Top of Information supplied
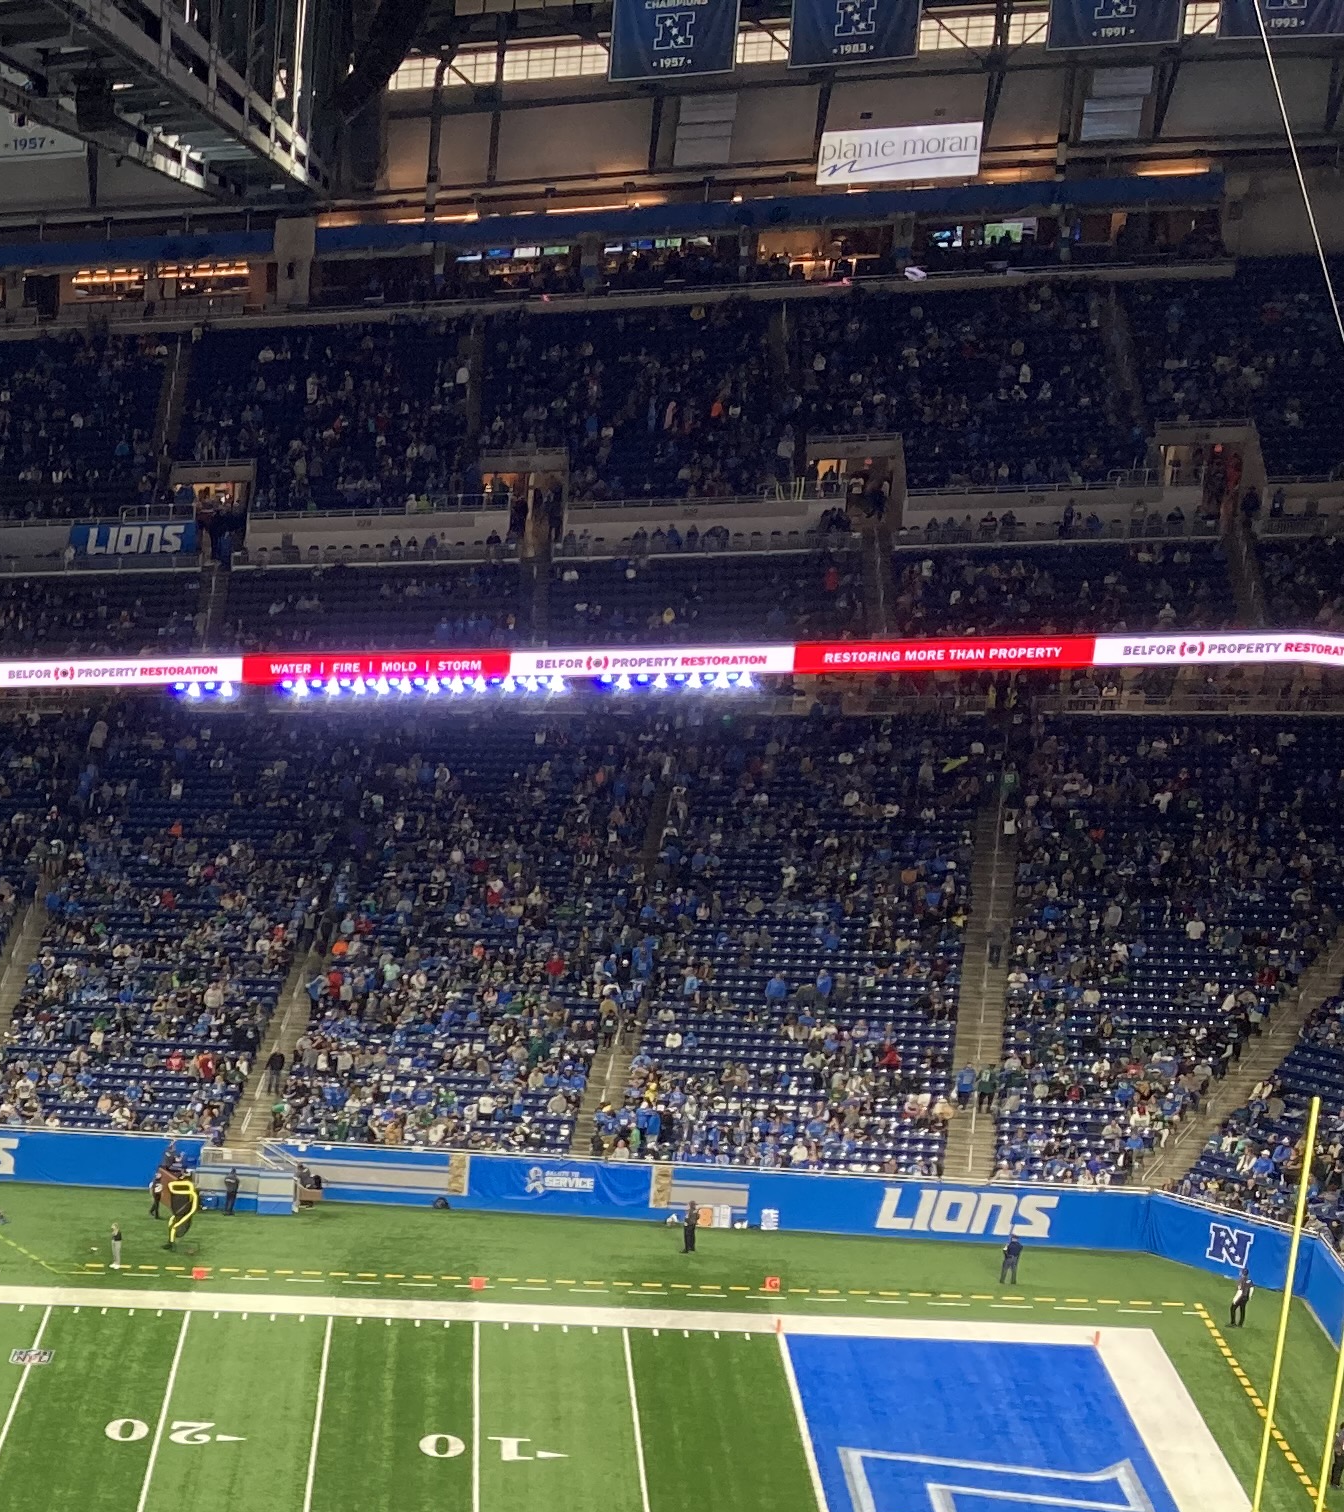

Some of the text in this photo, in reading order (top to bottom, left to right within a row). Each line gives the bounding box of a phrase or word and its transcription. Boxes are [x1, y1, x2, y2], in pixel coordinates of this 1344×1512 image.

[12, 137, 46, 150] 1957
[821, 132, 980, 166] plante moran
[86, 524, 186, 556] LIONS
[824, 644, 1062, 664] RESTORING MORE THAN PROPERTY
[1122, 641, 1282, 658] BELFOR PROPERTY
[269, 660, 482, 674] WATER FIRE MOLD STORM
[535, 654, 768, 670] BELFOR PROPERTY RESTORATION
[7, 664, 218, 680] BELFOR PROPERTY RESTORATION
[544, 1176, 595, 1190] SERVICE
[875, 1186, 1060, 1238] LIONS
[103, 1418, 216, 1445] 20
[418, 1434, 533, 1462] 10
Bottom of Information supplied
### [What is required]
What you return must match each record exactly and contain no images.

### [Finished exercise]
Some of the text in this photo, in reading order (top to bottom, left to right within a row). Each line gives the bounding box of a phrase or word and its transcription. Boxes are [x1, y1, x2, y2], in pixel coordinates of this 1344×1512 image.

[12, 137, 46, 150] 1957
[821, 132, 980, 166] plante moran
[86, 524, 186, 556] LIONS
[824, 644, 1062, 664] RESTORING MORE THAN PROPERTY
[1122, 641, 1282, 658] BELFOR PROPERTY
[269, 660, 482, 674] WATER FIRE MOLD STORM
[535, 654, 768, 670] BELFOR PROPERTY RESTORATION
[7, 664, 218, 680] BELFOR PROPERTY RESTORATION
[544, 1176, 595, 1190] SERVICE
[875, 1186, 1060, 1238] LIONS
[103, 1418, 216, 1445] 20
[418, 1434, 533, 1462] 10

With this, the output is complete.